Des ONG de défense des droits humains réclament au gouvernement britannique d’examiner les liens présumés entre le propriétaire de Manchester City et les Forces de soutien rapide au Soudan. Si des sanctions tombaient, le club serait contraint de changer de mains. Le scénario Abramovitch refait surface.
Il y a dix-huit ans, Cheikh Mansour rachetait Manchester City pour 243 millions d’euros et lançait l’une des transformations les plus spectaculaires de l’histoire du football moderne. Huit titres de Premier League, une Ligue des champions, un empire tentaculaire baptisé City Football Group : les Citizens sont devenus une référence mondiale. Aujourd’hui, ce bâtisseur de légende se retrouve au cœur d’une tempête qui dépasse très largement les frontières du terrain.
Un dossier transmis au Foreign Office
C’est l’organisation FairSquare, ONG britannique spécialisée dans les droits humains dans le domaine du sport, qui a mis le feu aux poudres. Dans une plainte formelle déposée le 7 avril 2026 auprès du Foreign Commonwealth and Development Office (FCDO), elle demande au gouvernement de Keir Starmer d’examiner le rôle présumé de Cheikh Mansour dans le soutien des Émirats arabes unis aux Forces de soutien rapide (RSF) au Soudan.
Ces milices paramilitaires sont accusées par l’ONU, les États-Unis et de nombreuses ONG de crimes de guerre et de génocide dans la région du Darfour. Le conflit a causé la mort d’au moins 150 000 personnes en deux ans, selon les agences d’aide humanitaire et des responsables du gouvernement américain. Les faits invoqués sont d’une gravité extrême.
Le précédent Abramovitch comme boussole
FairSquare ne se contente pas de pointer du doigt : l’organisation précise les conséquences juridiques d’une éventuelle sanction.
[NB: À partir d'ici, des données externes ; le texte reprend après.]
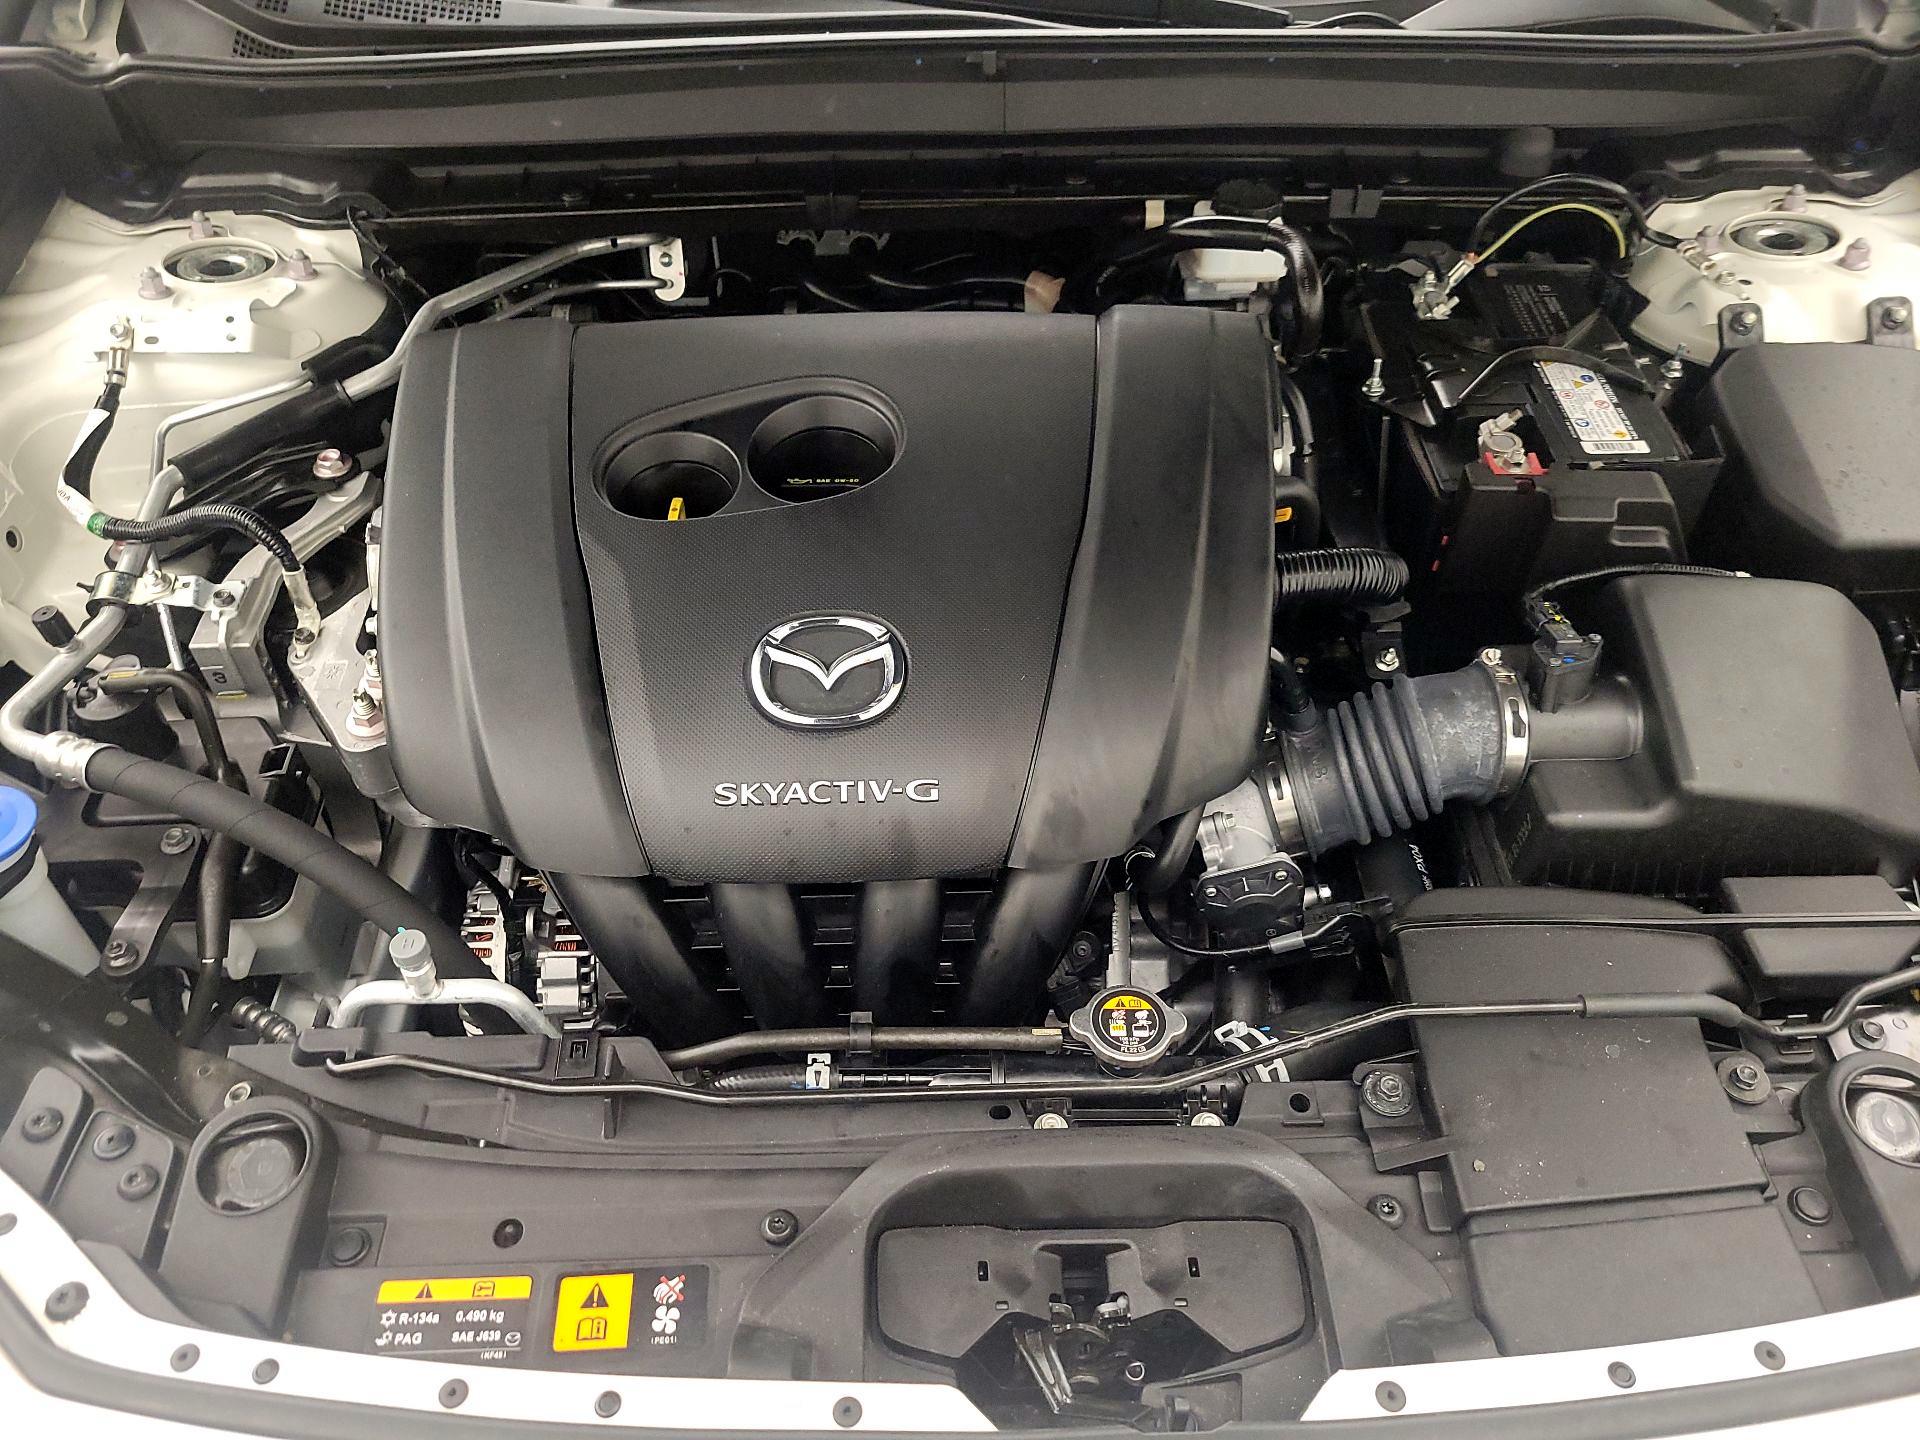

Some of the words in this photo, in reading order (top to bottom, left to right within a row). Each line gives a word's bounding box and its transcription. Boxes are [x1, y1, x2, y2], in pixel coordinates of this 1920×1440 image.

[713, 779, 940, 806] SKYACTIV-G
[398, 1311, 441, 1325] R-134a
[455, 1309, 487, 1323] 0.490
[488, 1308, 505, 1324] kg
[394, 1332, 423, 1346] PAG
[451, 1331, 475, 1343] SAE
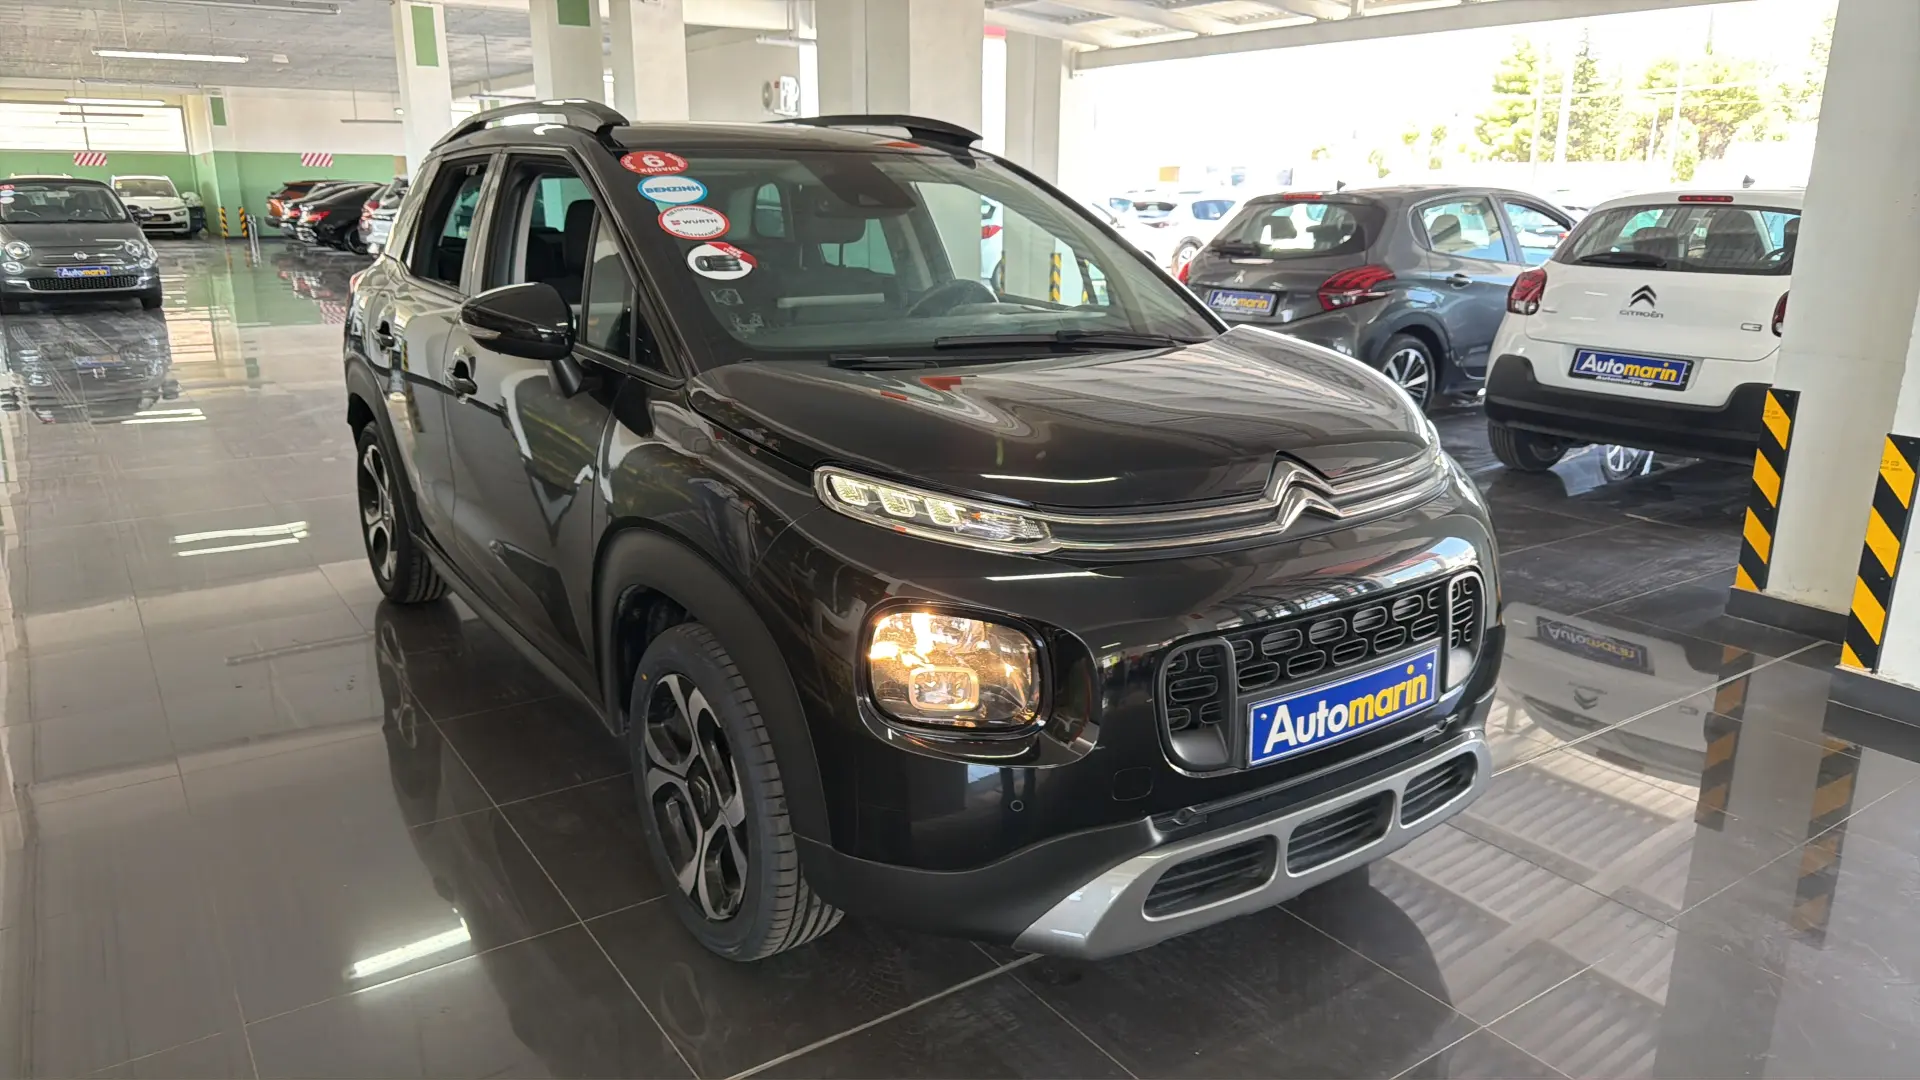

Si le gouvernement britannique décidait de sanctionner Sheikh Mansour, il serait disqualifié de la propriété du club en vertu des règles de la Premier League. La comparaison avec Roman Abramovitch s’impose d’elle-même : en 2022, le gel de ses avoirs par Londres avait mécaniquement contraint l’oligarque russe à vendre Chelsea. Le football anglais connaît désormais le mode d’emploi.
FairSquare a également informé la Premier League et le nouvel Autorité indépendante de régulation du football, dont l’un des objectifs est de « sauvegarder le patrimoine du football anglais ». Le timing n’est pas anodin : ce régulateur, dont la montée en puissance était attendue depuis plusieurs années, entend précisément encadrer les propriétaires de clubs avec davantage de rigueur.
Les Émirats arabes unis dans le viseur de la communauté internationale
Des organismes internationaux, dont l’Union européenne et les Nations Unies, ont soulevé des inquiétudes concernant les liens présumés entre les Émirats arabes unis et les RSF, bien qu’aucune détermination officielle de responsabilité n’ait été établie. Nuance importante : les allégations demeurent pour l’heure des allégations. Manchester City n’a pas répondu aux sollicitations de FairSquare. Cheikh Mansour, de son côté, conteste tout lien avec les atrocités commises au Soudan.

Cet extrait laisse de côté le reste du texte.